• PROBLEM REQUIREMENTS: The expected output is every line of the data exactly as shown, minus the images.

DATA below:

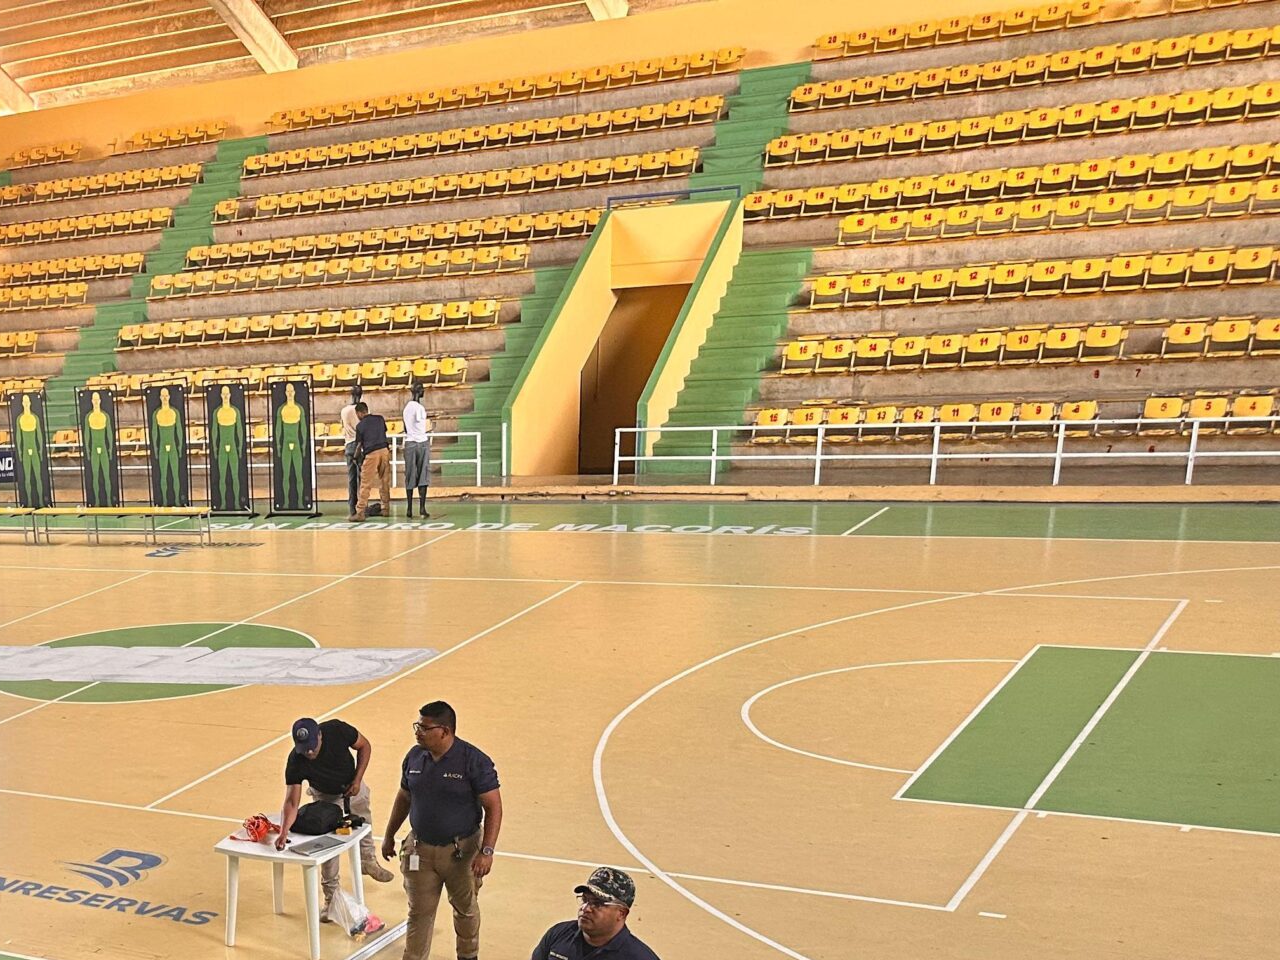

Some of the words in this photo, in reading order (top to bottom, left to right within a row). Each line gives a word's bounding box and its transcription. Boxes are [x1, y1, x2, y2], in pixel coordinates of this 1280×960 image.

[919, 24, 928, 32] 17
[1247, 32, 1254, 41] 7
[1132, 46, 1141, 55] 10
[1171, 42, 1177, 50] 9
[1061, 56, 1069, 64] 12
[1096, 51, 1103, 60] 11
[960, 69, 968, 77] 15
[992, 65, 1001, 73] 14
[1228, 91, 1234, 100] 7
[1074, 109, 1082, 118] 11
[1111, 105, 1119, 114] 10
[1039, 113, 1047, 122] 12
[937, 125, 946, 133] 15
[970, 121, 979, 130] 14
[872, 131, 881, 140] 17
[1208, 153, 1215, 162] 7
[1088, 164, 1098, 172] 10
[1130, 160, 1136, 168] 9
[1016, 171, 1025, 180] 12
[912, 181, 922, 190] 15
[1272, 184, 1279, 193] 5
[1189, 190, 1195, 199] 7
[753, 196, 762, 204] 20
[1069, 200, 1080, 209] 10
[1109, 197, 1114, 205] 9
[995, 207, 1003, 215] 12
[1032, 204, 1041, 212] 11
[959, 210, 968, 219] 13
[890, 216, 898, 224] 15
[1208, 256, 1214, 265] 6
[1252, 252, 1259, 262] 5
[1166, 257, 1173, 267] 7
[1045, 266, 1055, 275] 10
[1085, 263, 1091, 272] 9
[969, 271, 978, 280] 12
[1007, 269, 1014, 277] 11
[862, 278, 871, 287] 15
[933, 274, 942, 283] 13
[829, 280, 837, 289] 16
[1229, 324, 1236, 333] 5
[942, 339, 951, 348] 12
[980, 337, 988, 346] 11
[1018, 335, 1029, 344] 10
[800, 345, 808, 354] 16
[834, 344, 843, 353] 15
[905, 341, 914, 349] 13
[1094, 370, 1099, 378] 8
[1136, 369, 1141, 377] 7
[1036, 406, 1041, 414] 9
[1205, 401, 1212, 411] 5
[1249, 402, 1256, 411] 4
[877, 411, 886, 420] 13
[952, 408, 959, 417] 11
[991, 407, 1002, 416] 10
[805, 412, 814, 421] 15
[469, 523, 539, 531] DE
[548, 523, 814, 535] MACORÍS
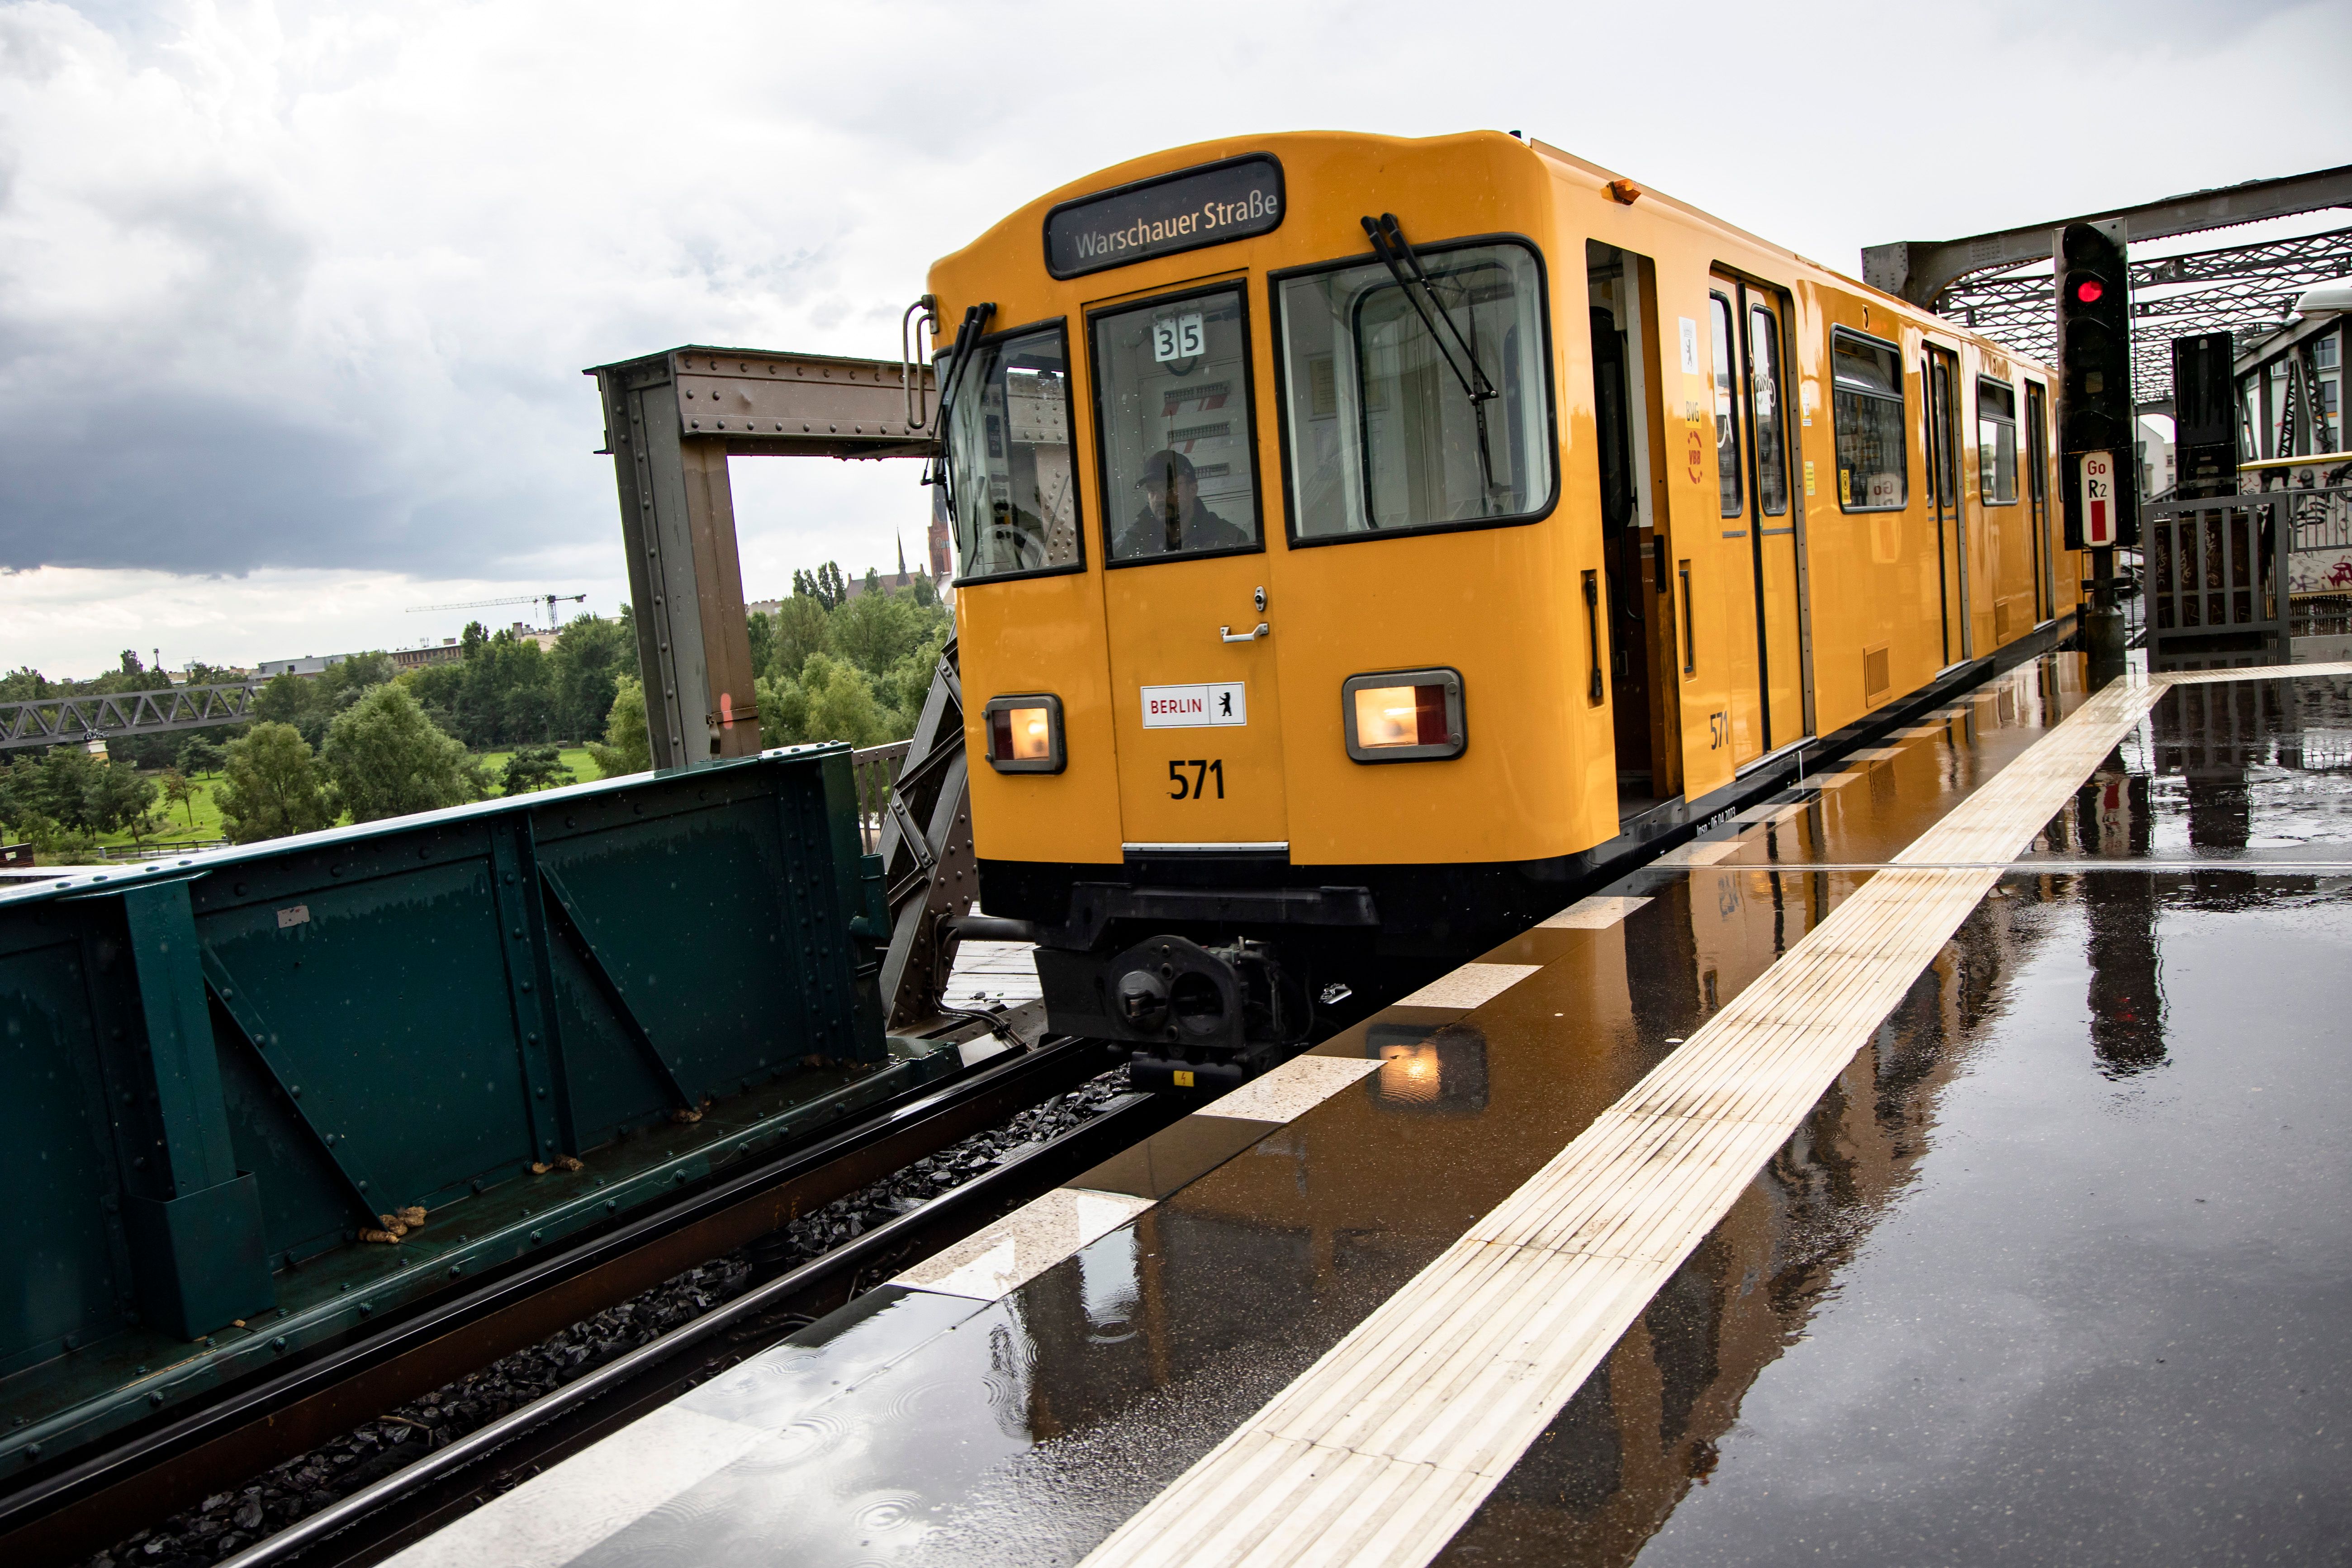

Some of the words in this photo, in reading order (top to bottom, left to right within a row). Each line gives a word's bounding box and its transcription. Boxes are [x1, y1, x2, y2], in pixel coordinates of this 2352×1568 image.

[1075, 213, 1200, 258] Warschauer
[1204, 189, 1277, 229] Straße
[1159, 325, 1199, 356] 35
[1686, 401, 1699, 422] BVG
[1688, 450, 1701, 465] VBB
[2087, 460, 2106, 475] Go
[2088, 479, 2107, 498] R2
[1150, 698, 1202, 714] BERLIN
[1710, 711, 1729, 750] 571
[1168, 759, 1224, 800] 571
[1711, 806, 1736, 829] 06042023

End of DATA.

• COMPLETED EXERCISE:
Some of the words in this photo, in reading order (top to bottom, left to right within a row). Each line gives a word's bounding box and its transcription. Boxes are [x1, y1, x2, y2], in pixel coordinates of this 1280×960 image.

[919, 24, 928, 32] 17
[1247, 32, 1254, 41] 7
[1132, 46, 1141, 55] 10
[1171, 42, 1177, 50] 9
[1061, 56, 1069, 64] 12
[1096, 51, 1103, 60] 11
[960, 69, 968, 77] 15
[992, 65, 1001, 73] 14
[1228, 91, 1234, 100] 7
[1074, 109, 1082, 118] 11
[1111, 105, 1119, 114] 10
[1039, 113, 1047, 122] 12
[937, 125, 946, 133] 15
[970, 121, 979, 130] 14
[872, 131, 881, 140] 17
[1208, 153, 1215, 162] 7
[1088, 164, 1098, 172] 10
[1130, 160, 1136, 168] 9
[1016, 171, 1025, 180] 12
[912, 181, 922, 190] 15
[1272, 184, 1279, 193] 5
[1189, 190, 1195, 199] 7
[753, 196, 762, 204] 20
[1069, 200, 1080, 209] 10
[1109, 197, 1114, 205] 9
[995, 207, 1003, 215] 12
[1032, 204, 1041, 212] 11
[959, 210, 968, 219] 13
[890, 216, 898, 224] 15
[1208, 256, 1214, 265] 6
[1252, 252, 1259, 262] 5
[1166, 257, 1173, 267] 7
[1045, 266, 1055, 275] 10
[1085, 263, 1091, 272] 9
[969, 271, 978, 280] 12
[1007, 269, 1014, 277] 11
[862, 278, 871, 287] 15
[933, 274, 942, 283] 13
[829, 280, 837, 289] 16
[1229, 324, 1236, 333] 5
[942, 339, 951, 348] 12
[980, 337, 988, 346] 11
[1018, 335, 1029, 344] 10
[800, 345, 808, 354] 16
[834, 344, 843, 353] 15
[905, 341, 914, 349] 13
[1094, 370, 1099, 378] 8
[1136, 369, 1141, 377] 7
[1036, 406, 1041, 414] 9
[1205, 401, 1212, 411] 5
[1249, 402, 1256, 411] 4
[877, 411, 886, 420] 13
[952, 408, 959, 417] 11
[991, 407, 1002, 416] 10
[805, 412, 814, 421] 15
[469, 523, 539, 531] DE
[548, 523, 814, 535] MACORÍS

Some of the words in this photo, in reading order (top to bottom, left to right within a row). Each line gives a word's bounding box and its transcription. Boxes are [x1, y1, x2, y2], in pixel coordinates of this 2352×1568 image.

[1075, 213, 1200, 258] Warschauer
[1204, 189, 1277, 229] Straße
[1159, 325, 1199, 356] 35
[1686, 401, 1699, 422] BVG
[1688, 450, 1701, 465] VBB
[2087, 460, 2106, 475] Go
[2088, 479, 2107, 498] R2
[1150, 698, 1202, 714] BERLIN
[1710, 711, 1729, 750] 571
[1168, 759, 1224, 800] 571
[1711, 806, 1736, 829] 06042023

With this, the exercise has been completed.